The part that's confusing now is that the bootloader is using 0xEE000000 for it's buffer, but how can that be a physical memory address? There's only 512M available in the system, limiting the address range to 0x20000000. Even if we clear bit 31, that still makes it 0x6E000000, over the range of the physical memory.

So you have the answer: 0xEE000000 is not a physical address, unless you have a dedicated frame buffer mapped at physical 0x6E000000, or it is a window in PCI space. I don't know about your hardware but you should really focus on the way the display controller works, and specially on the way it maps the frame buffer.

I've been under the assumption that only windows knows about virtual memory and the booloader would be forced to use physical memory.


Am I on the right track?

Don't make such assumptions. Some bootloaders do their memory mappings late, some others do it earlier. The only way to understand what actually happens is to read the source code of the bootloader, and the documentation for your hardware.

HTH
Remi

Thanks again for your help. "R. de Gravelaine" wrote:

lsimoni a écrit :
I thought of the same thing, seemed easy. But when I changed the bootloader's frame buffer to what windows was using, there was nothing on the screen foor the bootloader.

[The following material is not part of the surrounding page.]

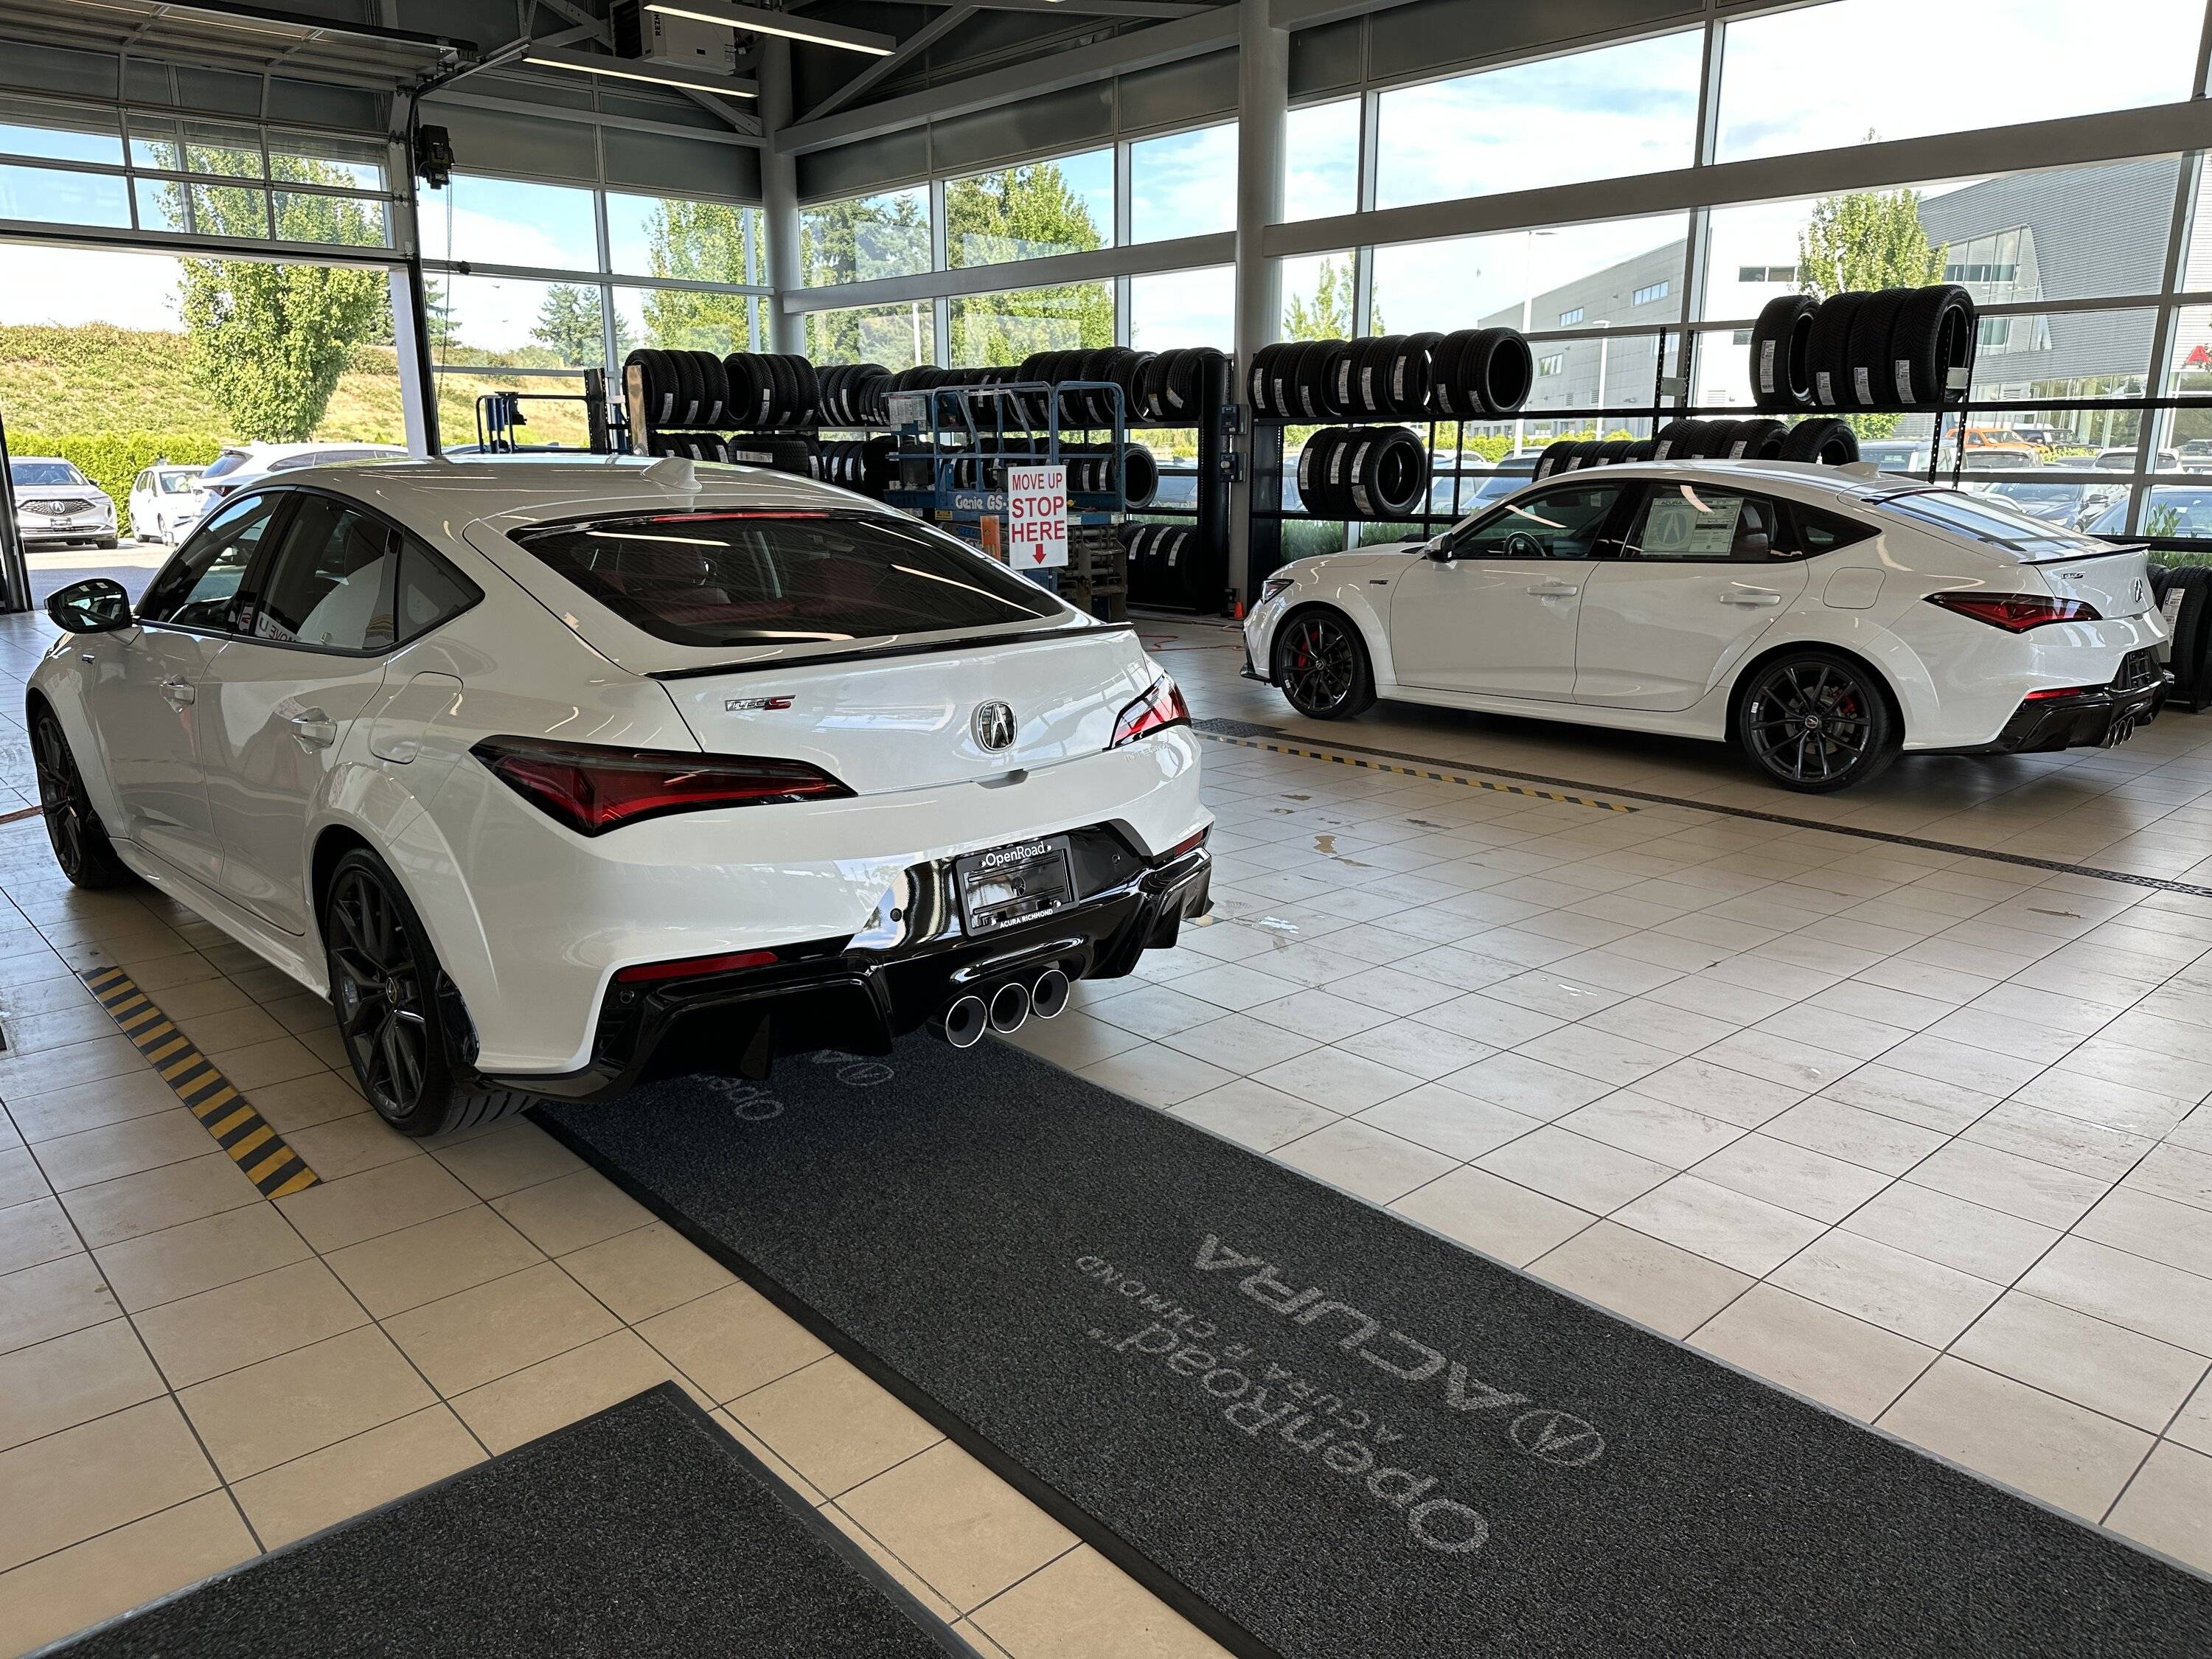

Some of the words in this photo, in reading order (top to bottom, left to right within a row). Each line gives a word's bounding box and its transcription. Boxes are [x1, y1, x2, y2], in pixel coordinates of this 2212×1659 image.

For the windows video driver, the debug output is:
LX Graphics: FB Virtual = 0xD2BF0000
Which means that I need to find out the physical address of this virtual mapping, right? How do I translate from virtual memory back to physical memory? I'm guessing that the bootloader knows nothing about virtual memory and is strictly using a physical addresses.
If you want to copy into driver's frame buffer the contents of the boot frame buffer, you need to map boot physical frame buffer address (might be 0x7E000000 - see how memory is mapped in your bootloader) into something virtual that can be accessed at driver time. To achieve this, you can use VirtualAlloc/VirtualCopy or MmMapIoSpace.
Of course, the frame buffer layout must be identical in both contexts.
Another problem may come from the fact that memory used by the bootloader has been used by the system, which is not supposed to preserve it if it has not been reserved in config.bib.

I tried to use some of the remote tools like the Process viewer, and I can see the video driver Lxvideo.dll at Base Addr C09E0000, but that's the driver address, not the buffer. Plus, that's probably another virtual address.

In my config.bib I see an entry of FRAMEBUF 800a0000 00020000
Is this a physical address?
This is the physical address for 0x000A0000, where the legacy VGA frame buffer lays. Under CE, kernel addresses have bit 31 set.

So first check the physical location of the frame buffer used by the bootloader. Once you got it, reserve it in config.bib then make the physical to virtual translation in the display driver, initialize the hardware and make the memcpy. Don't try to use what will be drivers frame buffer in the bootloader, as it is probably dynamically allocated and may change from one image to an other.